Rebecca M. recalls the chore of having to clean off corrosion from cartridges, the sort of corrosion those unfamiliar with that era might still know from leaky batteries in remote controls. Kristen W. picked "that awful sing-song electronic music that just repeated a short set of musical tones over and over." Thanh Huynh points to the cost of 16-bit games. People are complaining now that mainstream games are getting their first price increase in a decade, but games used to be much more expensive, once you factor in inflation.

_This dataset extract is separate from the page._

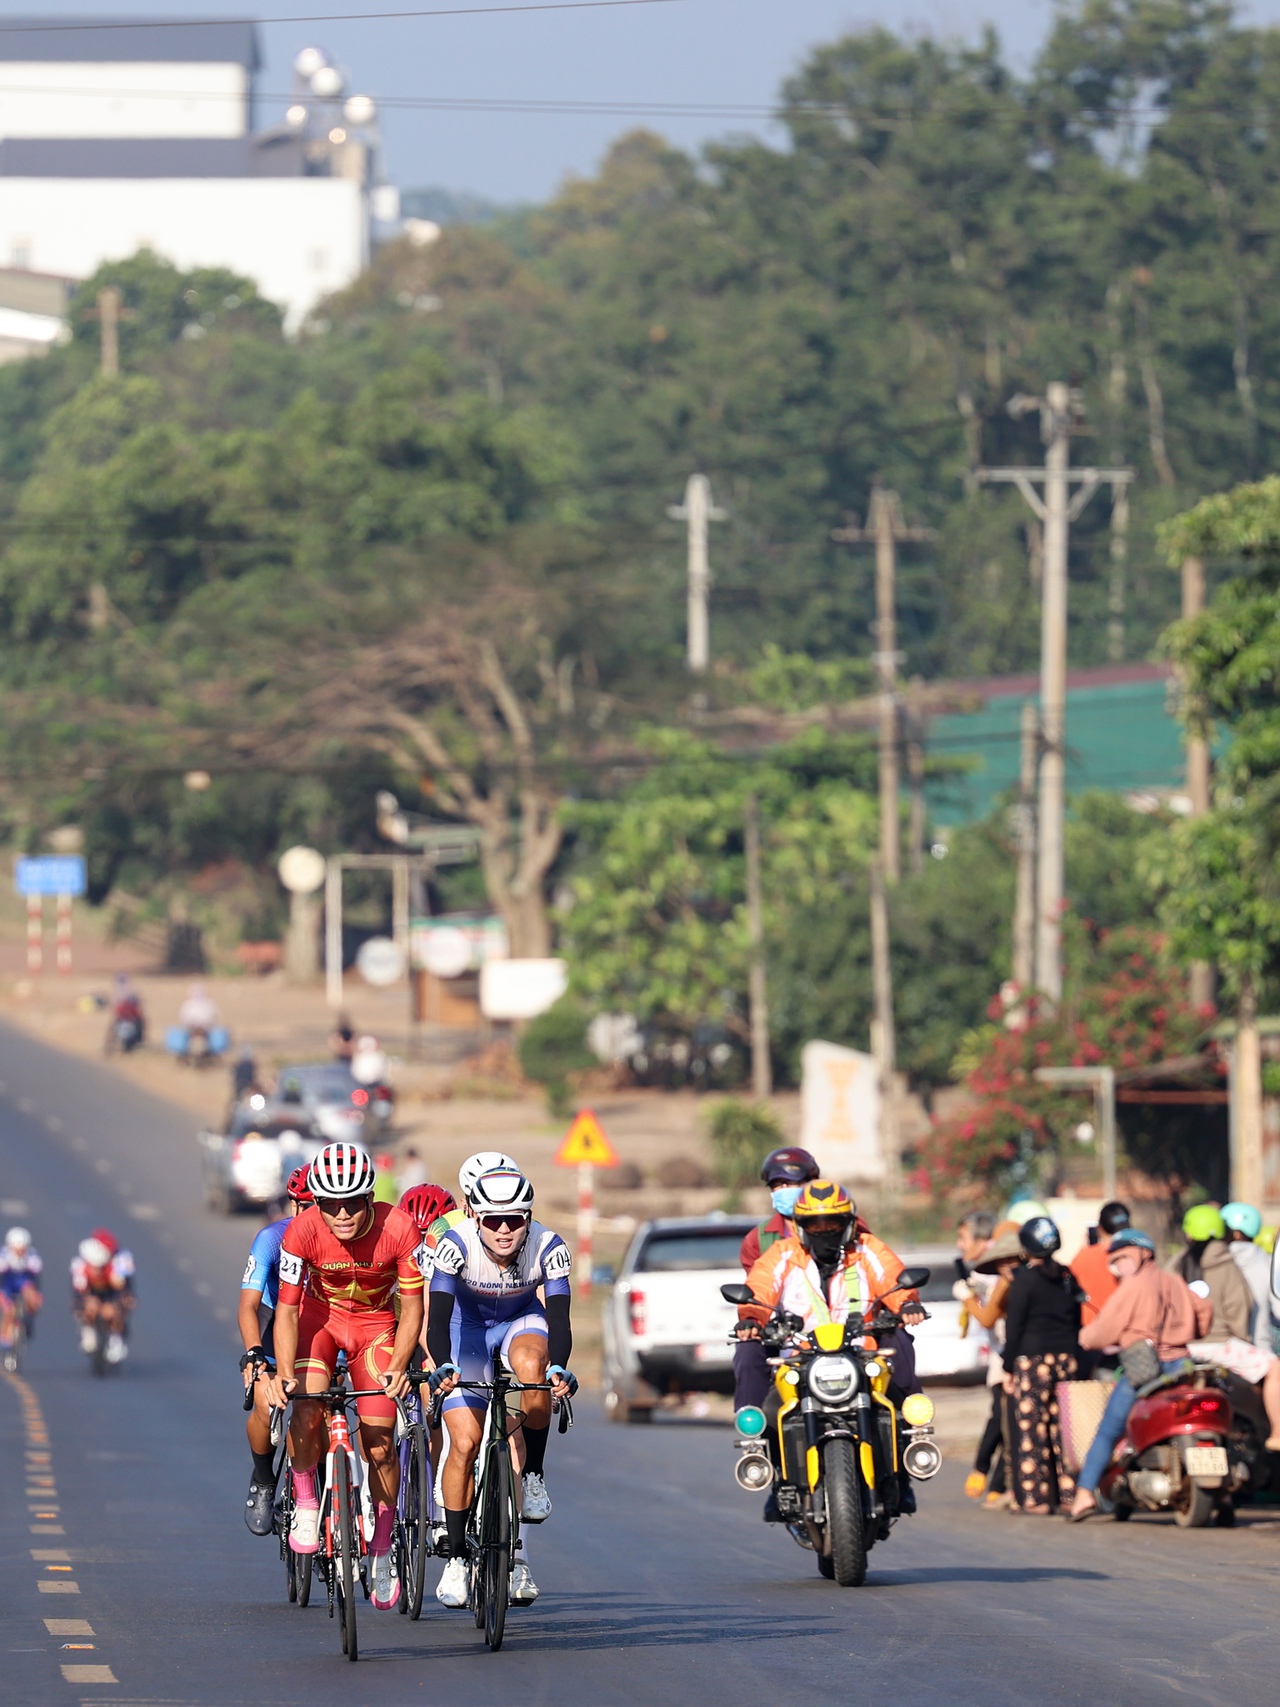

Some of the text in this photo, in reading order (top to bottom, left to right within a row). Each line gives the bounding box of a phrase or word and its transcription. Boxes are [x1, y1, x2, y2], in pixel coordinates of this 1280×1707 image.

[281, 1256, 298, 1275] 24
[436, 1243, 462, 1271] 104
[547, 1249, 571, 1271] 104

"I'd rather tell you what I dislike about what new games have that old games didn't have," said Ryan W. "Microtransactions." You might notice that this is the exact opposite of what we asked for. But Austin C. swept in and pointed out that arcades were the original dealers in microtransactions, and as Bryan W. noted, "Can't forget that they purposefully made games harder and added extra sections just because of the rental market."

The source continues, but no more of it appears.